Camden let out a staggered breath. “I don’t know,” he finally said. “Someone does.” He paused for several moments. “We were told one of the reasons our mothers gave us up was because we were born damaged. Our mothers’ sin was passed along to us in the form of something physical.”

“Something physical?” She frowned.

“Georgia was born with a cleft palate. The man who became Georgia’s guardian paid for her surgery. Mason has heterochromia.”

“Those are signs of sin?”

“In Farrow they are.”

She shook her head, trying to wrap her mind around what he was telling her. This was all so unbelievable. So . . . outside anything she’d heard of before. Were there other places like Farrow? Towns still lost in time, operating under archaic, irrational beliefs like the ones that had fueled the Salem Witch Trials? Even laws? Did they really believe such things? Or were their physical abnormalities an easy excuse to treat them in any manner they pleased and in whatever way was convenient? “And you?” She’d seen every perfect strip of him. “What in the world is your sign of sin?”

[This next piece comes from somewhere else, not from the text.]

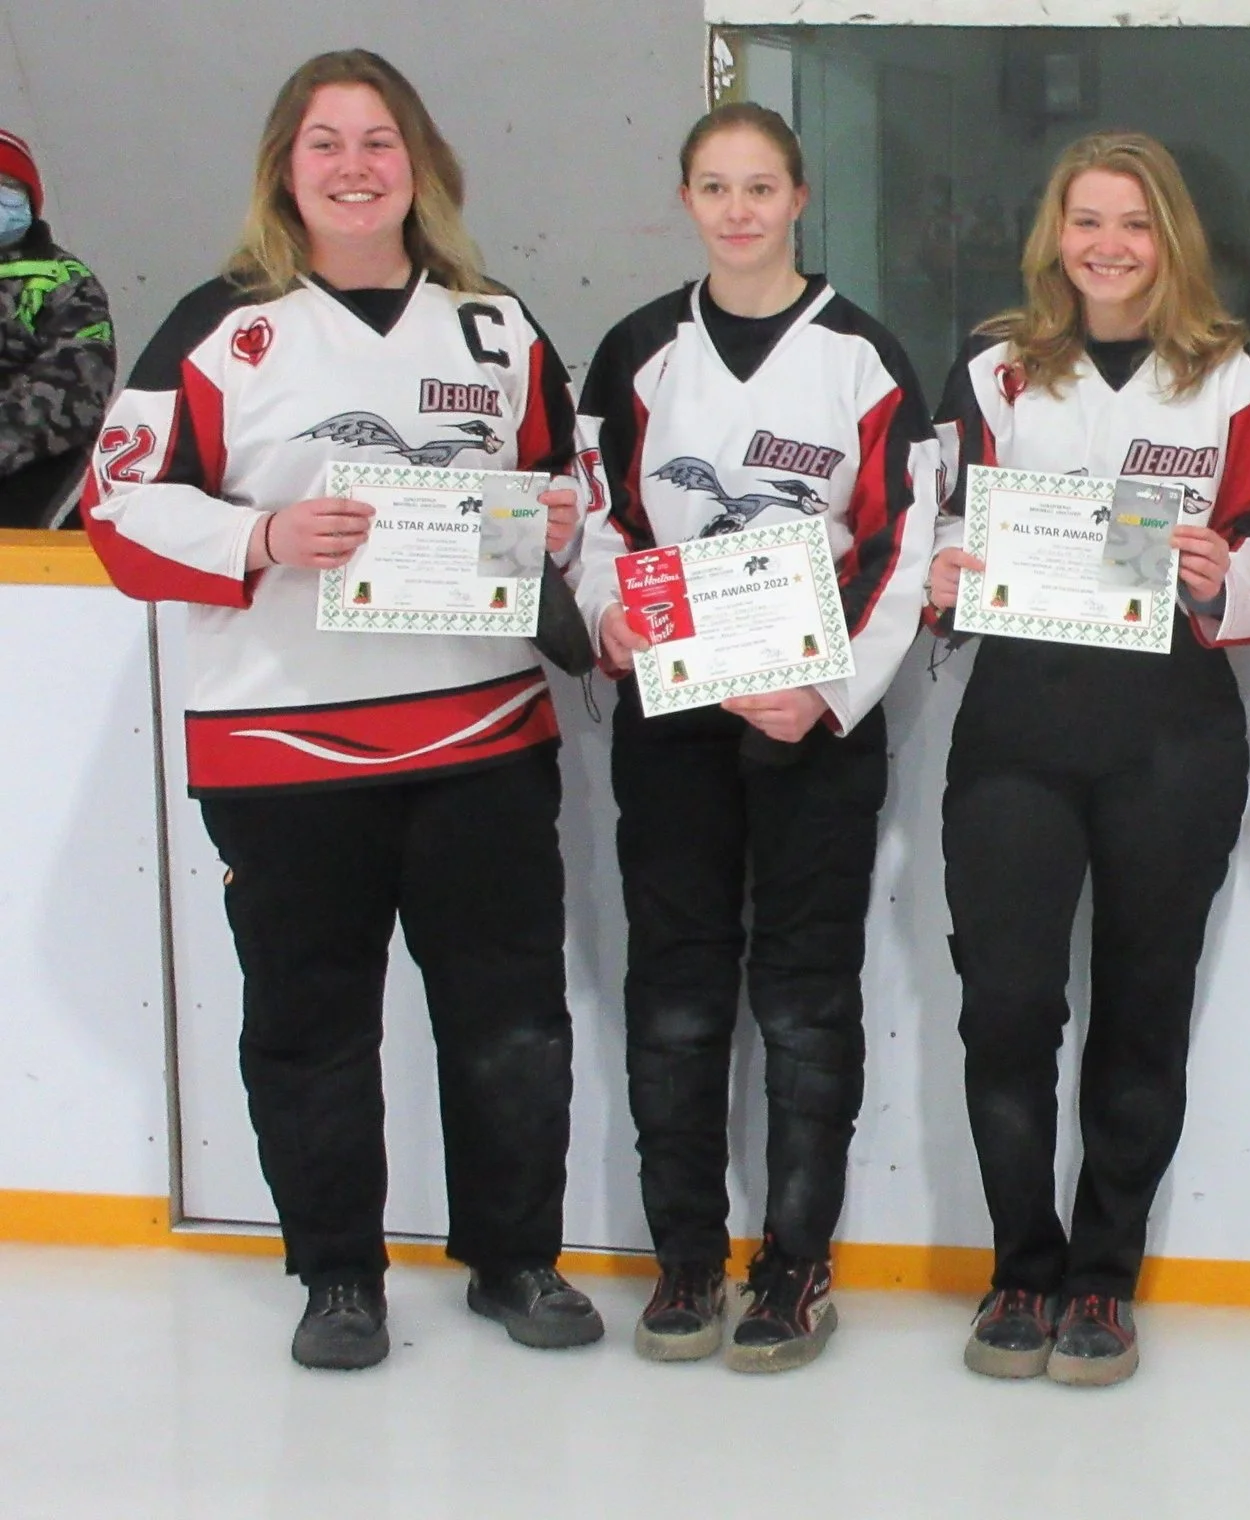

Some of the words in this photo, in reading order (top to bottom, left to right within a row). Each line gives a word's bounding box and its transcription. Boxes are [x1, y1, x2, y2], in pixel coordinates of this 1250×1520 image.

“I don’t know. I never knew what mine was. I worried.” He paused. “I wondered if it was something they knew but never told me, some illness I couldn’t see or feel but that might one day show itself. I don’t know.” He scrubbed a hand down his face. “In any case, even beyond the disability, Georgia suffered the most, more than either of us, just by virtue of being female.” Something dark came into his eyes and Scarlett’s heart went out to him. And Georgia. She didn’t have to wonder what sort of treatment Georgia received from the members of the guild. From those who were accessories to the crimes taking place inside the walls of Lilith House. She understood why Camden was torn about his feelings for her. He didn’t want to hurt her more than she’d already been hurt.

She crawled forward, sitting on the edge of the bed next to him and turning his face to hers and saying very gently, “You can’t force yourself to feel something you don’t, any more than you can stop feeling the things you do. I had to accept that.” She turned her gaze from his momentarily. “It’s why I didn’t try to force Haddie’s father to be part of her life. Love by force or . . . obligation . . . guilt . . . is not love.”

He turned his face into her palm, kissing the hand that lay on his cheek. “I know,” he breathed.

“So try to stop feeling guilty for not loving her,” she said gently.

Camden raked a hand through his hair. “Dammit, I do love her, Scarlett. Just . . . not like that.” He whispered it like a confession. “The things I feel for you, the things I want . . . I could never feel them for her, no matter how hard I tried. It’s like . . . that fate you talked about. That pull. I feel it every time you’re in the room. I have since the moment I laid eyes on you.” He exhaled, taking her face in his hands and leaning his forehead on hers.